*** DATA SUPPLIED ***
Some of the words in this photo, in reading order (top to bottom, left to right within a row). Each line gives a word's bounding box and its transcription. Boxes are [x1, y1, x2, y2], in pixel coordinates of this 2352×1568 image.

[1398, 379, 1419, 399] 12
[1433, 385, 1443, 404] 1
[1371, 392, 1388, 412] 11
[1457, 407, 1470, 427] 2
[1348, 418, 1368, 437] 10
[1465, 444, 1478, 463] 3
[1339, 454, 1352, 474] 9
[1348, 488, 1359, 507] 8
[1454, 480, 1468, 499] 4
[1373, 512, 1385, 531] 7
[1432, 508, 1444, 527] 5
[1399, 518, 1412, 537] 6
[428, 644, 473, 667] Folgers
*** End of DATA SUPPLIED ***
■ PROBLEM DETAILS: Repeat all of the entries above exactly.

■ YOUR RESPONSE:
Some of the words in this photo, in reading order (top to bottom, left to right within a row). Each line gives a word's bounding box and its transcription. Boxes are [x1, y1, x2, y2], in pixel coordinates of this 2352×1568 image.

[1398, 379, 1419, 399] 12
[1433, 385, 1443, 404] 1
[1371, 392, 1388, 412] 11
[1457, 407, 1470, 427] 2
[1348, 418, 1368, 437] 10
[1465, 444, 1478, 463] 3
[1339, 454, 1352, 474] 9
[1348, 488, 1359, 507] 8
[1454, 480, 1468, 499] 4
[1373, 512, 1385, 531] 7
[1432, 508, 1444, 527] 5
[1399, 518, 1412, 537] 6
[428, 644, 473, 667] Folgers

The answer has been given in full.